Implantable zoledronate-PLGA microcapsules ameliorate alveolar bone loss, gingival inflammation and oxidative stress in an experimental periodontitis rat model.

Abstract

The effect of implantable Zoledronate-PLGA microcapsules (PLGA-ZOL) in periodontitis remains unclear. In this study, we aimed to explore the potential role of PLGA-ZOL in protecting periodontitis and elucidate the underlying mechanism. A rat model of periodontitis was established by ligation the mandibular first molars, then PLGA-ZOL was implanted. The healing volume was scanned by cone-beam computed tomography. Cytokine levels in the gingival tissues were determined by ELISA and RT-PCR. Oxidative stress was indicated by detecting superoxide dismutase concentration and catalase activity. After periodontitis model was successfully established in rats, PLGA-ZOL treatment significantly attenuated alveolar bone loss, as indicated by the increased total healing volume, bone volume/tissue volume and osteoprotegerin level, as well as decreased sRANKL level.
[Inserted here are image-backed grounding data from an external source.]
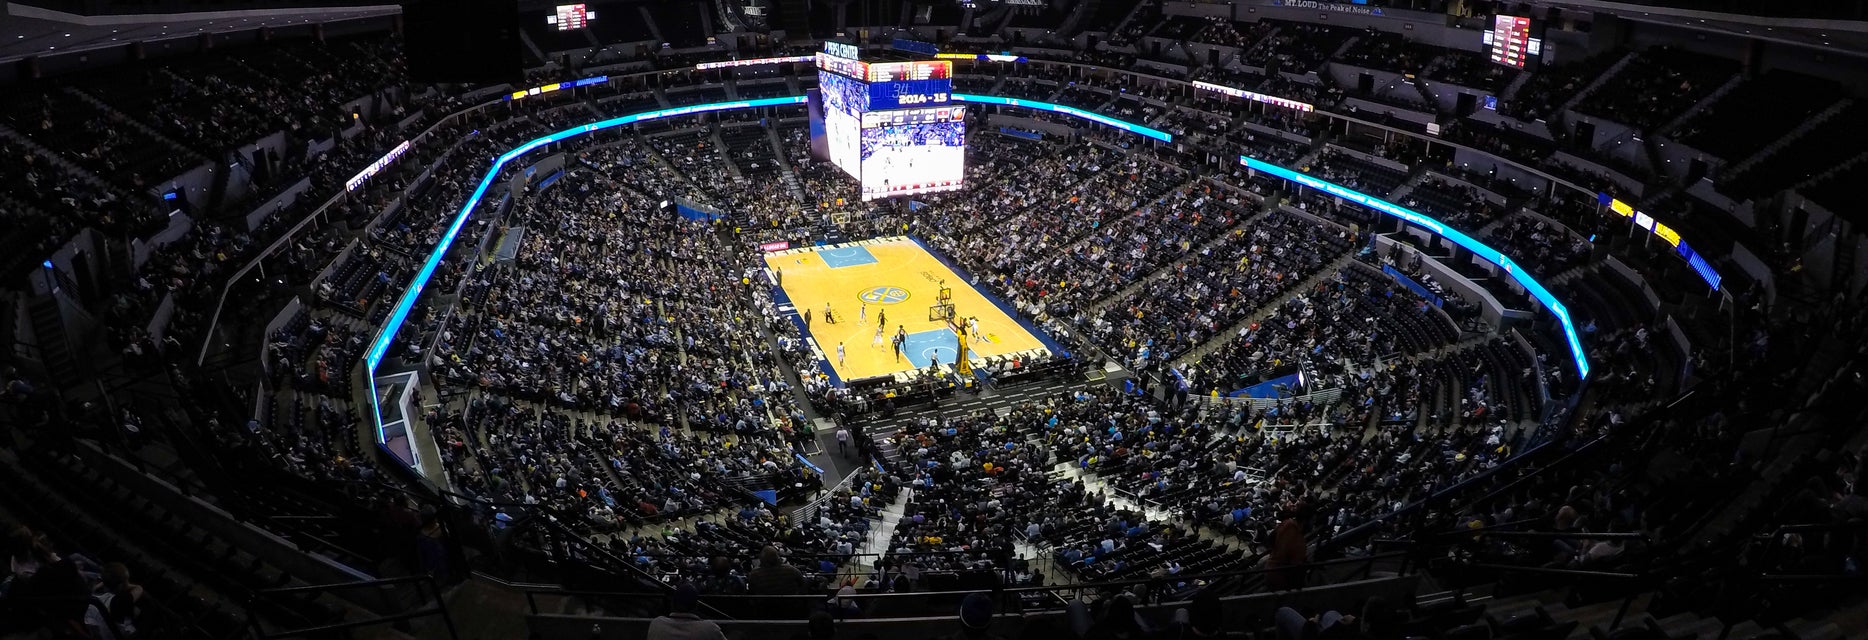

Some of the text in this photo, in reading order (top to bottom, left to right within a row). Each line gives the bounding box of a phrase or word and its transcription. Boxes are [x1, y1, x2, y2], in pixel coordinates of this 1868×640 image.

[1298, 0, 1317, 9] LOUD
[1319, 3, 1329, 11] The
[1330, 4, 1345, 12] Peak
[1345, 5, 1352, 13] of
[1352, 6, 1370, 15] Noise
[828, 41, 859, 60] PEPSI CENTER
[891, 82, 909, 98] 34
[899, 94, 927, 105] 2014
[933, 92, 948, 103] 15
PLGA-ZOL treatment also suppressed the inflammatory activities by inhibiting pro-inflammatory cytokine production (TNF-α, IL-1β) but increasing anti-inflammatory cytokine secretion (IL-10). Furthermore, PLGA-ZOL was found to ameliorate oxidative stress in gingival tissues. In conclusion, PLGA-ZOL microcapsules ameliorate alveolar bone loss, gingival inflammation and oxidative stress in an experimental rat model of periodontitis.